Both of us know that some violins will choke under the pressure, while the others strive for it. Long term exposure to excessively high tension strings can damage the top plate in some instruments beyond repair.

Be the one to establish the standard!

In the meantime, let us agree that we disagree.

December 20, 2012 at 02:54 PM · Someone who has a violin from the maker I just bought from loves Warchal strings for his instrument so I will definitely be trying them out on mine.

December 21, 2012 at 10:56 AM · I agree with Rocky about Warchal not publishing their string tensions. I find it very unhelpful and annoying. On the other I have found the published data from other manufacturers to be useful in helping me find my way around their product range, and in comparing across different makers' ranges. This in spite of their data apparently not being comparable according to Mr. Warchal.

Presumably, Warchal could manage to be consistent in their own measurements across their own products, and so we could have a more informed choice about their different strings without spending any money.

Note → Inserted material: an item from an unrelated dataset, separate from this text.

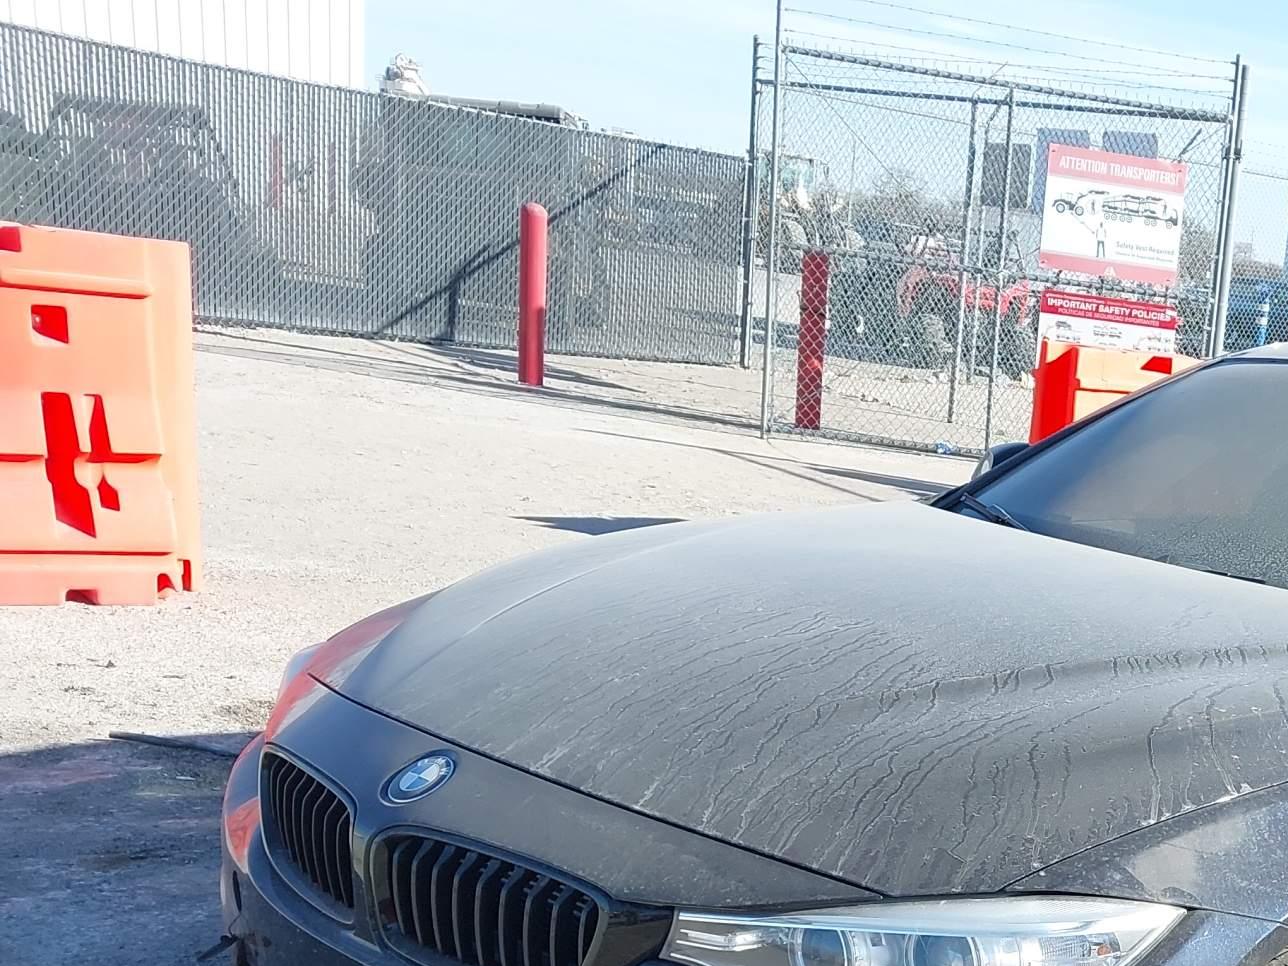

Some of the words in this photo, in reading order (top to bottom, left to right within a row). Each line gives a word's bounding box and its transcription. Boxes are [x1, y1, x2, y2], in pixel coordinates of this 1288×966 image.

December 21, 2012 at 04:52 PM · Thanks for your questions and feedback. Please call me simply Bohdan.

As for the Terry's questions:

1. A am not sure whether such cleaning procedure could improve the sound quality. Instruments seem to soud better of worse according to actual weather, our mood e.t.c. :-)

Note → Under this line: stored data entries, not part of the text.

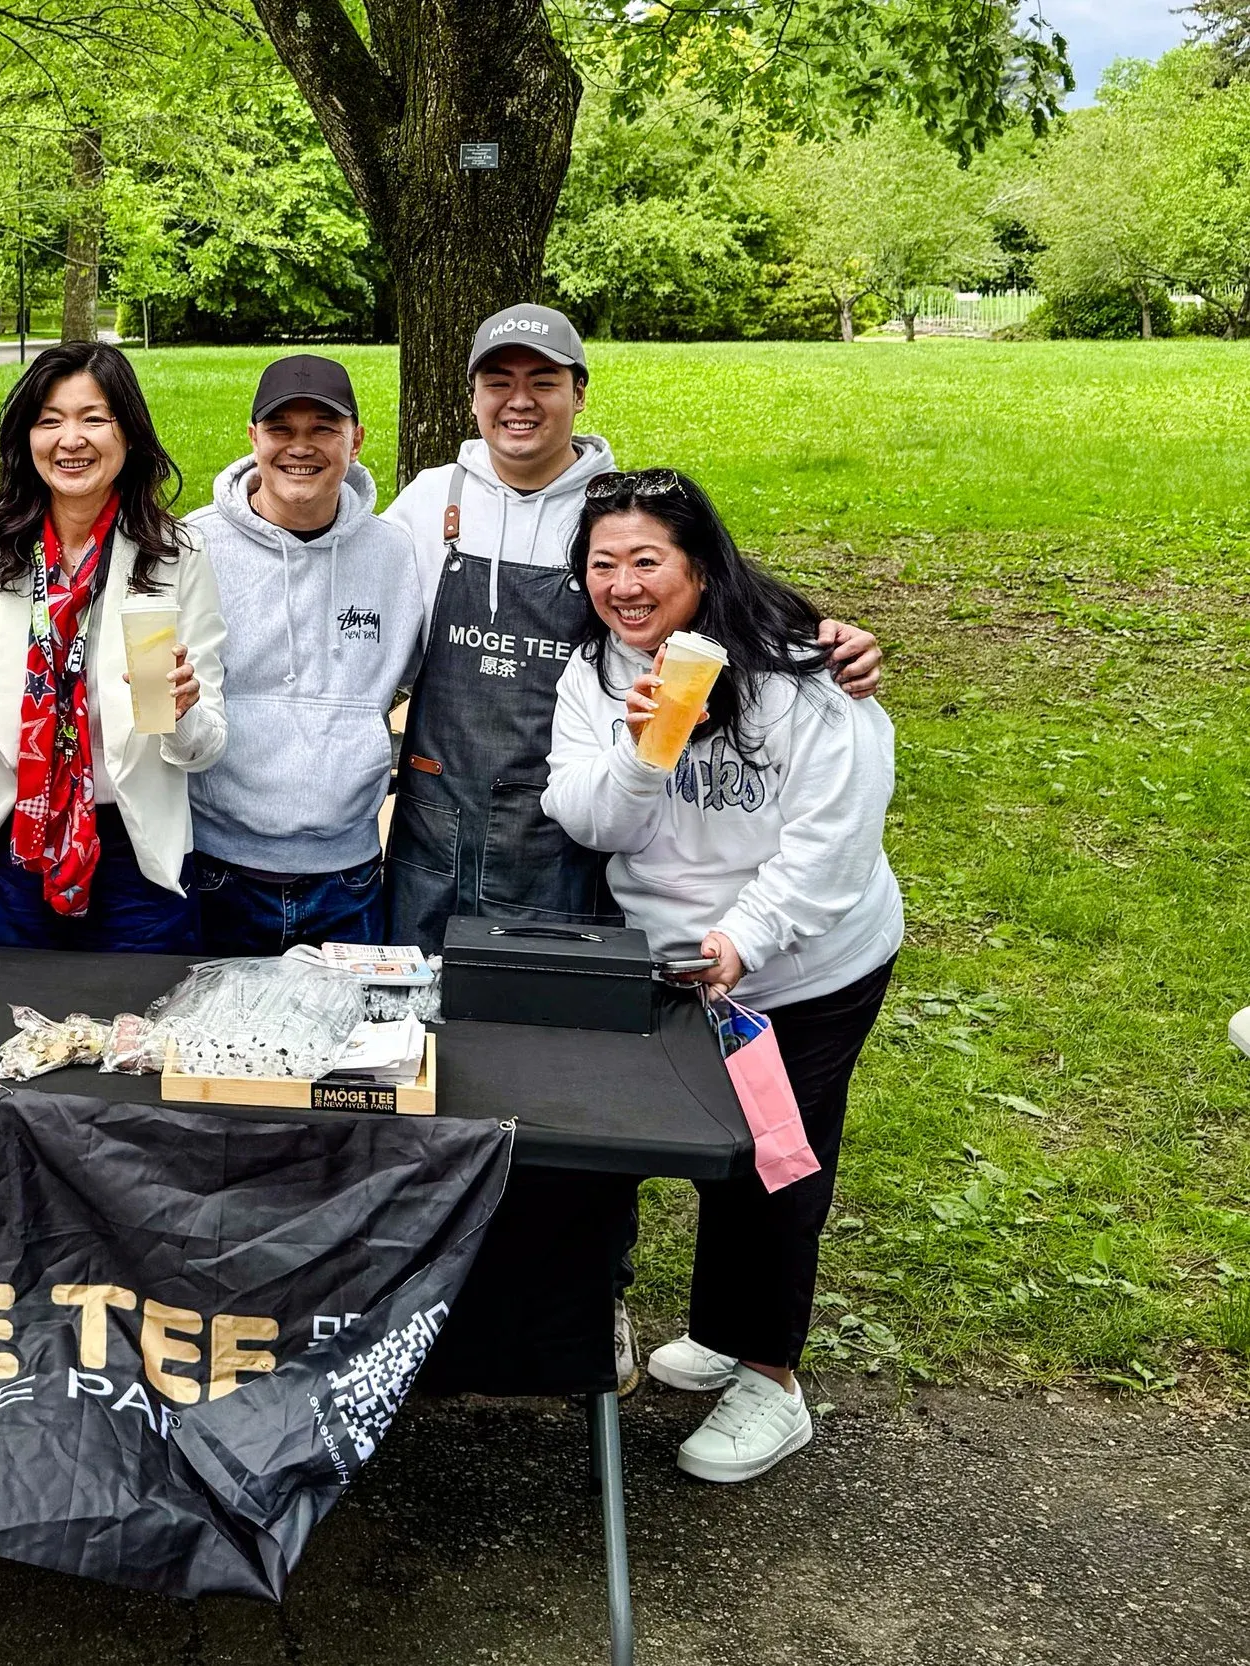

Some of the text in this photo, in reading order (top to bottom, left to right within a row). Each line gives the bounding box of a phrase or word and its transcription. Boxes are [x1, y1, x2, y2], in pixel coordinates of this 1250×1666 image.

[448, 624, 571, 660] MÖGE TEE
[323, 1087, 394, 1104] MÖGE TEE
[345, 1102, 369, 1110] HYDE
[370, 1103, 394, 1111] PARK
[51, 1284, 279, 1404] TEE
[67, 1367, 170, 1441] PA

If there is any sweat and dirt, it gets into the windings and core material easily and quickly. It can never be removed. The only spot, which needs to be cleaned is bow contact point. Any significant rosin coating worsens the response. I prefer dry cleaning, if you are able to endure the noise. Alcohol solvent can get the rosin inside the string. I use just a credit card edge and dry cloth.

Anyway, if you would like to protect your strings against excessive corrosion, always wash your hands before practicing or playing session.

2. You are rignt, there are a lot of variables. Even a shoulder rest matters. Thus, if I play bright and loud violin, I subconscioulsy prefer Karneol strings, melow sounding bow and Vienna's best rosin. On dark sounding violin, I prefer Ametyst or Brilliant strings, another bow, Andera solo rosin e.t.c.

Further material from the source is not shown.